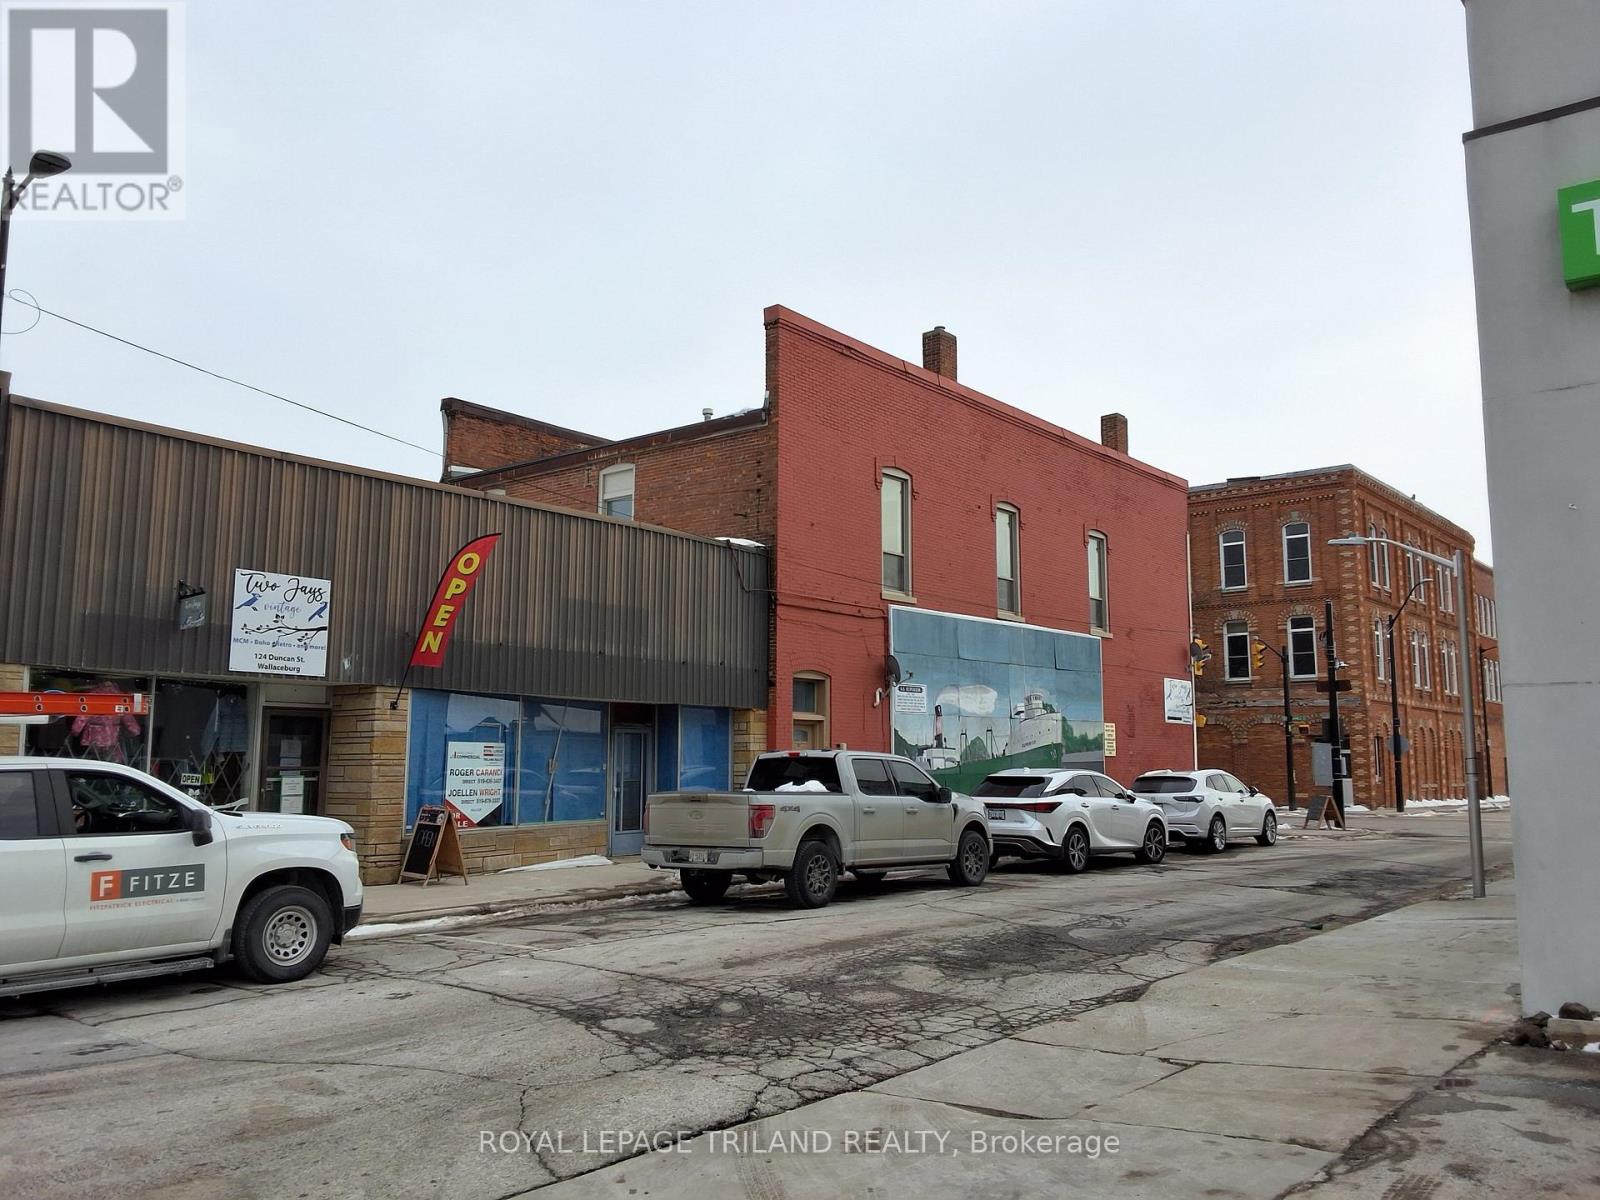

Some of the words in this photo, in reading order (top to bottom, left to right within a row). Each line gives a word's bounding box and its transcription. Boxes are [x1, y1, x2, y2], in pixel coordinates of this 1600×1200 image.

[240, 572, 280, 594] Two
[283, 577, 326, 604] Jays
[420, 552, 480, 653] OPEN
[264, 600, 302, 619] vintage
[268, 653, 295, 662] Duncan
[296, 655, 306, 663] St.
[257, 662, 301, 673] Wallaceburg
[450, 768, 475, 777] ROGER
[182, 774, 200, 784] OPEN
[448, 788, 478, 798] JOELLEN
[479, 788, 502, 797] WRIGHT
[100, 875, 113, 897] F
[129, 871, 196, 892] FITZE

---------------

### Task brief
Set the material above down again word for word. Include none of its pictures.

### Result of the task
Some of the words in this photo, in reading order (top to bottom, left to right within a row). Each line gives a word's bounding box and its transcription. Boxes are [x1, y1, x2, y2], in pixel coordinates of this 1600×1200 image.

[240, 572, 280, 594] Two
[283, 577, 326, 604] Jays
[420, 552, 480, 653] OPEN
[264, 600, 302, 619] vintage
[268, 653, 295, 662] Duncan
[296, 655, 306, 663] St.
[257, 662, 301, 673] Wallaceburg
[450, 768, 475, 777] ROGER
[182, 774, 200, 784] OPEN
[448, 788, 478, 798] JOELLEN
[479, 788, 502, 797] WRIGHT
[100, 875, 113, 897] F
[129, 871, 196, 892] FITZE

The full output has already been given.